New AIG head to get at least $7 million annually

By Jerry White
20 August 2009

In a regulatory filing Monday, American International Group (AIG) disclosed that it would pay its new CEO, Robert H. Benmosche, at least $7 million a year. The 65-year-old former head of the giant insurance and investment firm MetLife will get $3 million in cash and $4 million in stock annually, and be eligible for another $3.5 million in stock as part of an incentive plan.

According to the filing with the Security and Exchange Commission (SEC), the pay package has already received “approval in principle” from Kenneth Feinberg, the Obama administration official who oversees compensation for executives at seven large financial concerns bailed out by the government. AIG received more than $180 billion in taxpayer-funded support—the largest of all the Wall Street bailouts. 

Benmosche took over AIG on August 10, replacing Edward Liddy, a member of the board of directors of Goldman Sachs and former head of Allstate. Liddy was appointed by President Bush’s treasury secretary, Henry Paulson, the former CEO of Goldman Sachs, to pay off AIG’s debts and restructure the company.    

Of the $180 billion in government aid provided to AIG, at least $13 billion found its way to Goldman Sachs, which held credit default swaps with AIG to insure it against the gambling losses the politically connected Wall Street firm suffered on the subprime mortgage market. 

In March 2009, public outrage erupted over Liddy’s decision to pay up to $165 million in executive bonuses, including retention bonuses to the London-based financial unit that was involved in the credit default swaps that bankrupted the company.

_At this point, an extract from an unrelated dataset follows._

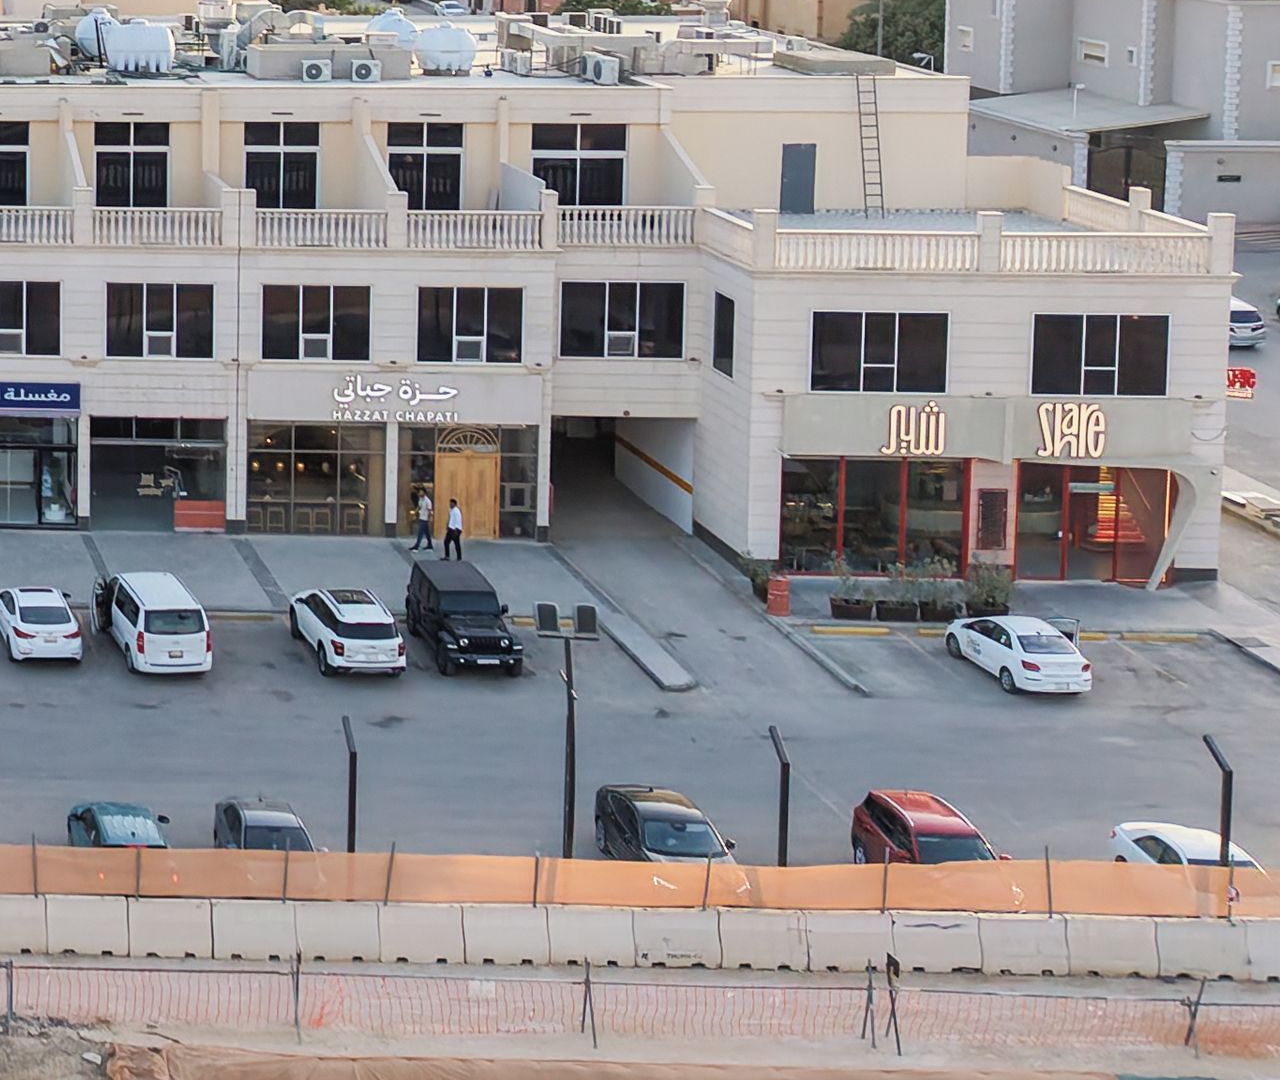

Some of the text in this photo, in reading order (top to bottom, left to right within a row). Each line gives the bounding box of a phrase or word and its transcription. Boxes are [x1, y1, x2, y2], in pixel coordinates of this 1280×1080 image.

In response Liddy gave up his bonus and announced he would work for a dollar a year as a “public service.” However, he retained at least $3 million in stocks from Goldman Sachs and was paid nearly half a million in compensation for air travel, housing and other expenses.  

Despite the populist posturing by Democratic and Republican politicians, including President Obama, the AIG bonuses went through. It was later revealed that the head of the Senate Banking Committee, Connecticut Democrat Christopher Dodd—who first denied, then admitted to amending earlier legislation to allow the AIG bonuses—had received $160,000 in campaign contributions from employees of AIG. 

At the time, White House economic advisor Lawrence Summers insisted that the government, its 80 percent ownership of AIG notwithstanding, could do nothing about the bonuses. “We are a country of law,” he proclaimed. “These are contracts. The government cannot just abrogate contracts.”

Summers and other Obama administration officials had no problem, however, in abrogating the contracts of tens of thousands of auto workers who saw their wages, health care and pension benefits slashed as a result of the White House’s forced bankruptcies of General Motors and Chrysler. 

Before leaving, Liddy said AIG would need to pay his successor significantly more in order to retain a “well-qualified individual.” CNNMoney.com reported, “Rep. Elijah Cummings, D-Maryland, who has been outspoken about his criticism of AIG’s bonus payments, has said AIG should be led by an executive paid a competitive salary who can help ensure the company pays back its sizeable debt to taxpayers.”

In addition to his compensation from AIG, Benmosche will retain 500,000 shares and 2.1 million options in his former company MetLife—estimated to be worth $94 million at current share prices. Because of this, he will not receive any bonuses in connection with any deals between MetLife and AIG, the company said in its filing. 

Earlier this month, AIG reported second-quarter net income of $1.8 billion, or $2.30 a share, after six losing quarters in a row. A year ago, the company lost $5.4 billion, or $41.13 a share. Like the rest of the Wall Street banks, AIG’s first quarterly profit since late 2007 is the result of the massive government bailout and the resumption of much of the reckless speculation that precipitated the crisis. AIG shares rose almost 22 percent after the earnings report. 

While tens of millions of workers continue to lose their jobs, homes and see public services slashed to pay for the multi-trillion dollar Wall Street bailout, the huge payout to AIG’s new CEO, along with the record bonuses going to banking and other corporate executives is an indication of who will benefit from the “economic recovery” the Obama administration has pronounced.